→ **Required action**
Keep the pictures out. Restate the entries below word for word.

(Stored items)
------------------------------------

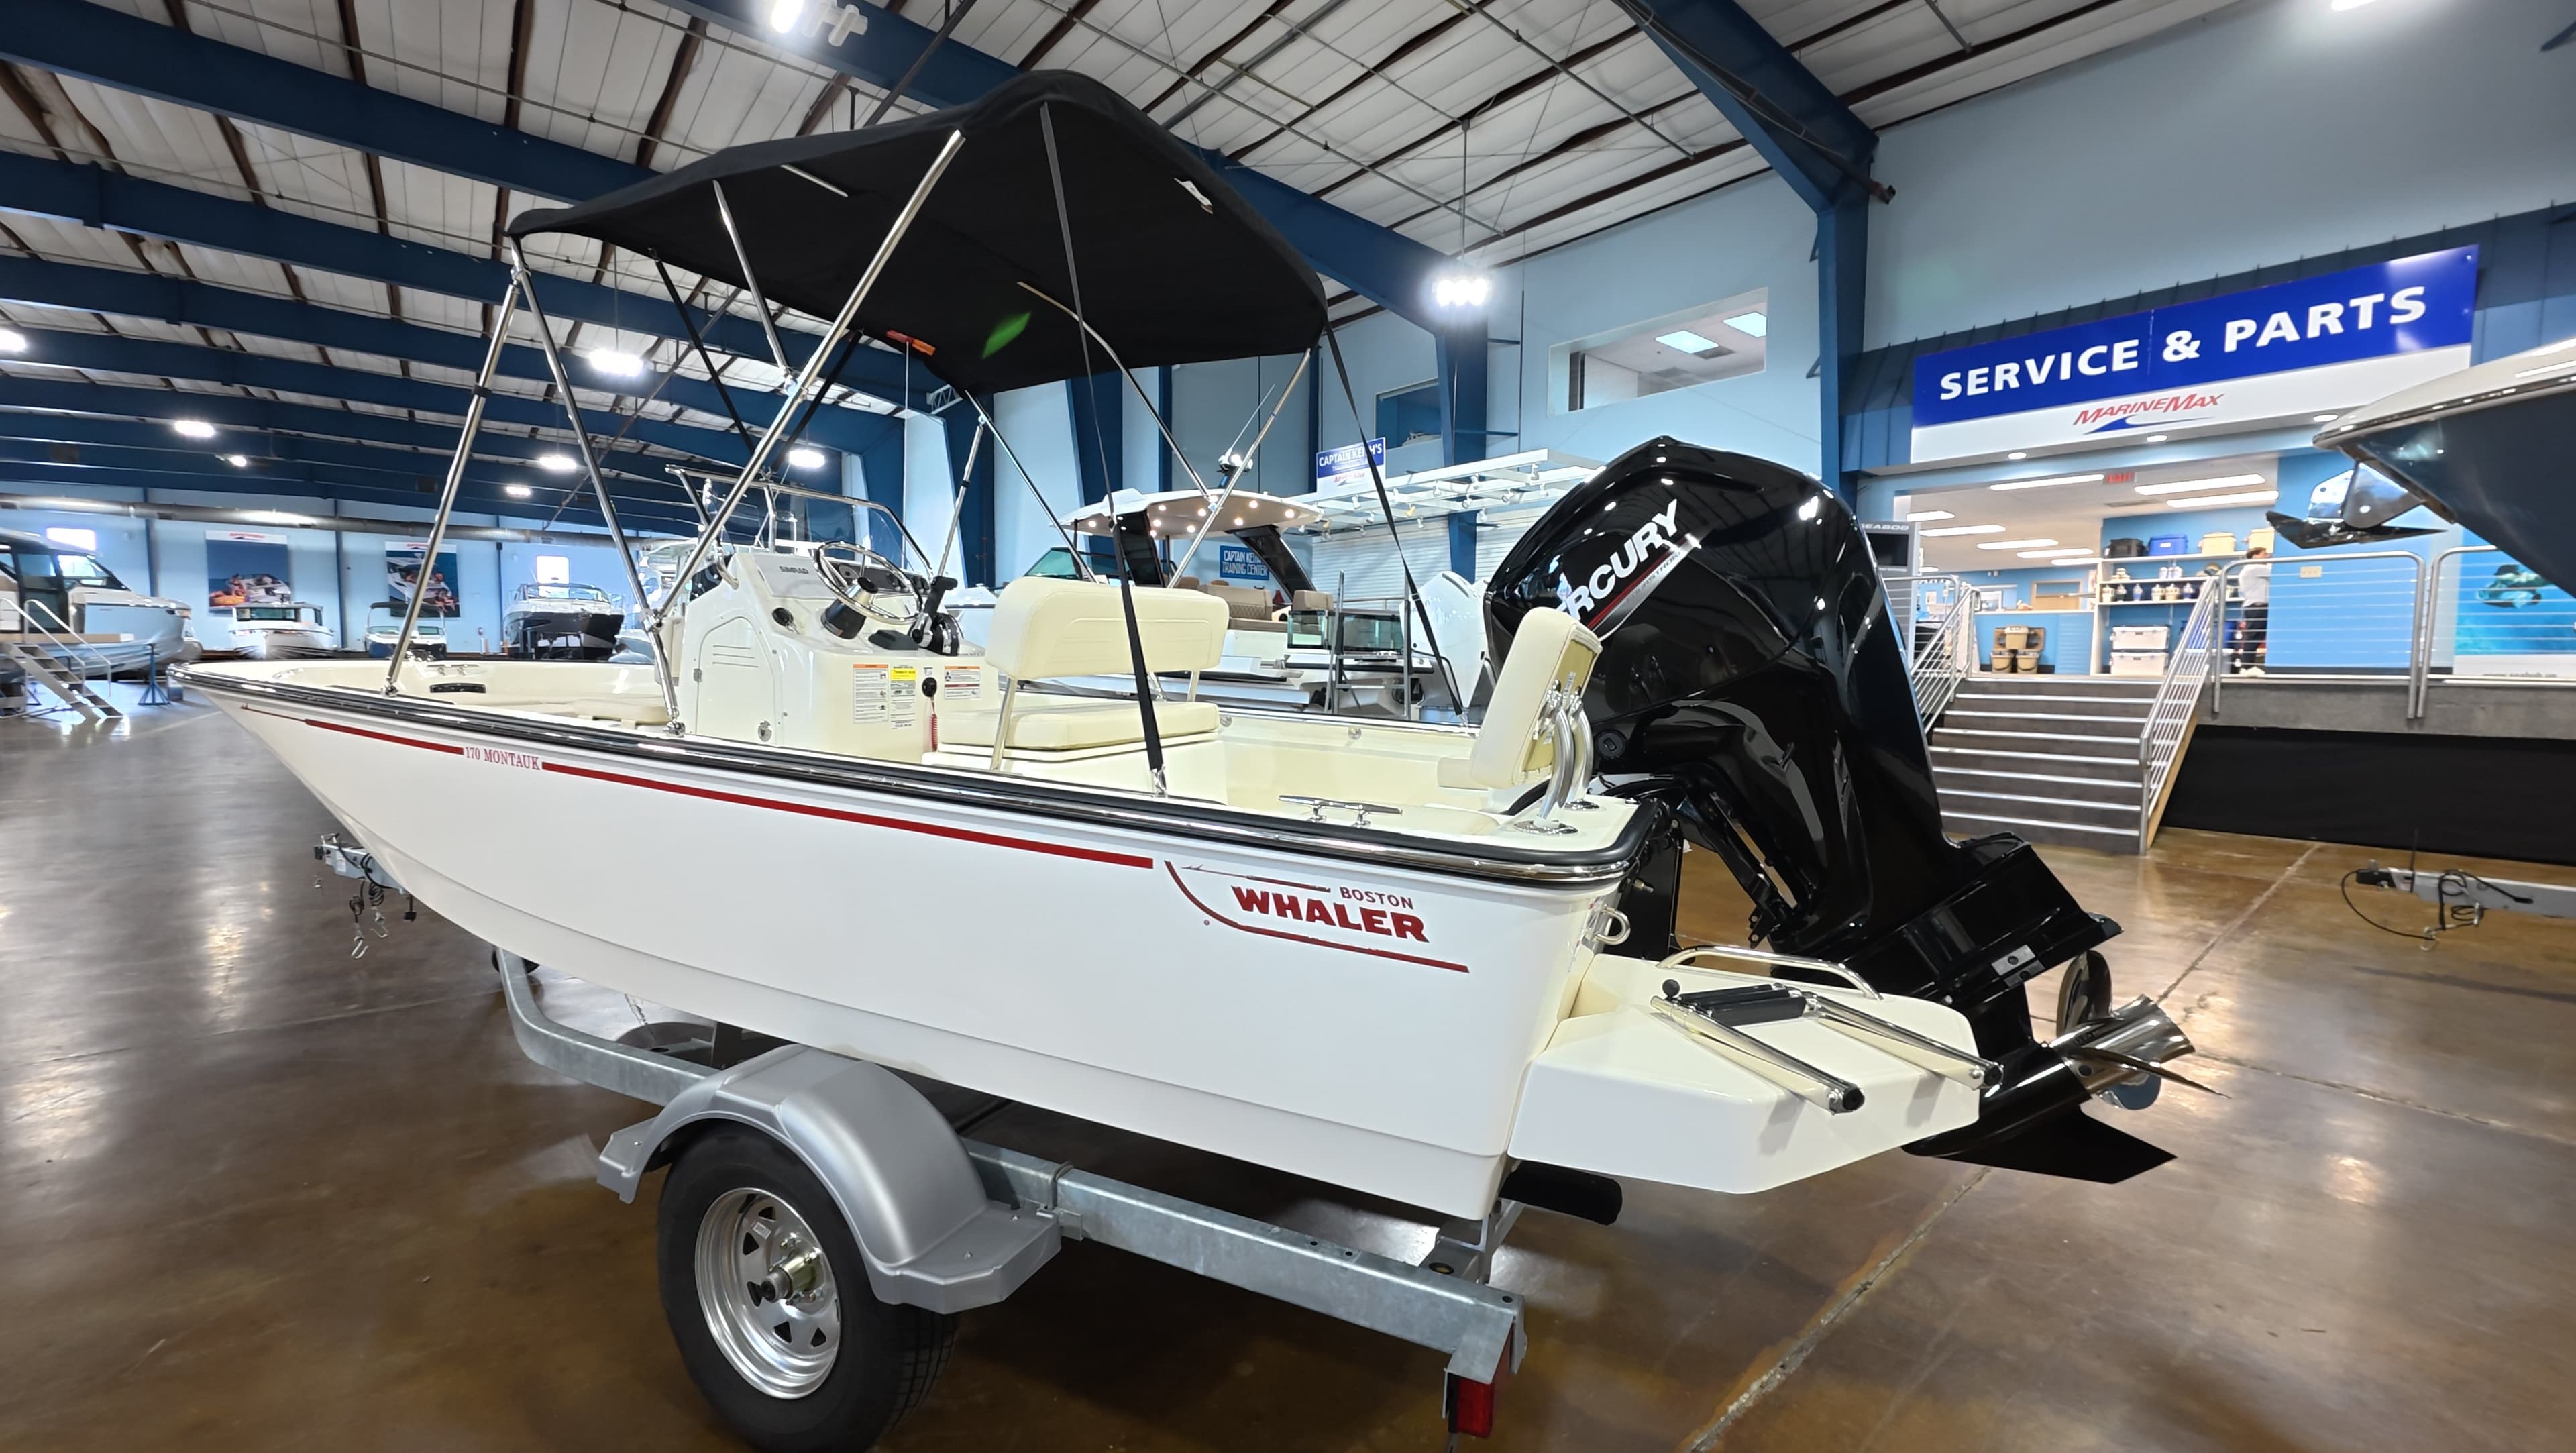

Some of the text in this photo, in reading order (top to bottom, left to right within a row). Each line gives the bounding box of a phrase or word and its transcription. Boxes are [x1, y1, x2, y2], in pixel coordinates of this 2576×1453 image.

[1939, 286, 2427, 400] SERVICE & PARTS
[1319, 449, 1351, 467] CAPTAIN
[1352, 443, 1383, 460] KEIH'S
[1222, 561, 1267, 576] TRAINING CENTER
[1224, 550, 1246, 563] CAPTAIN
[1556, 498, 1678, 621] RCURY
[466, 747, 541, 771] 170 MONTAUK
[1339, 886, 1415, 910] BOSTON
[1230, 885, 1430, 943] WHALER

------------------------------------

→ **Written solution**
Some of the text in this photo, in reading order (top to bottom, left to right within a row). Each line gives the bounding box of a phrase or word and its transcription. Boxes are [x1, y1, x2, y2], in pixel coordinates of this 2576×1453 image.

[1939, 286, 2427, 400] SERVICE & PARTS
[1319, 449, 1351, 467] CAPTAIN
[1352, 443, 1383, 460] KEIH'S
[1222, 561, 1267, 576] TRAINING CENTER
[1224, 550, 1246, 563] CAPTAIN
[1556, 498, 1678, 621] RCURY
[466, 747, 541, 771] 170 MONTAUK
[1339, 886, 1415, 910] BOSTON
[1230, 885, 1430, 943] WHALER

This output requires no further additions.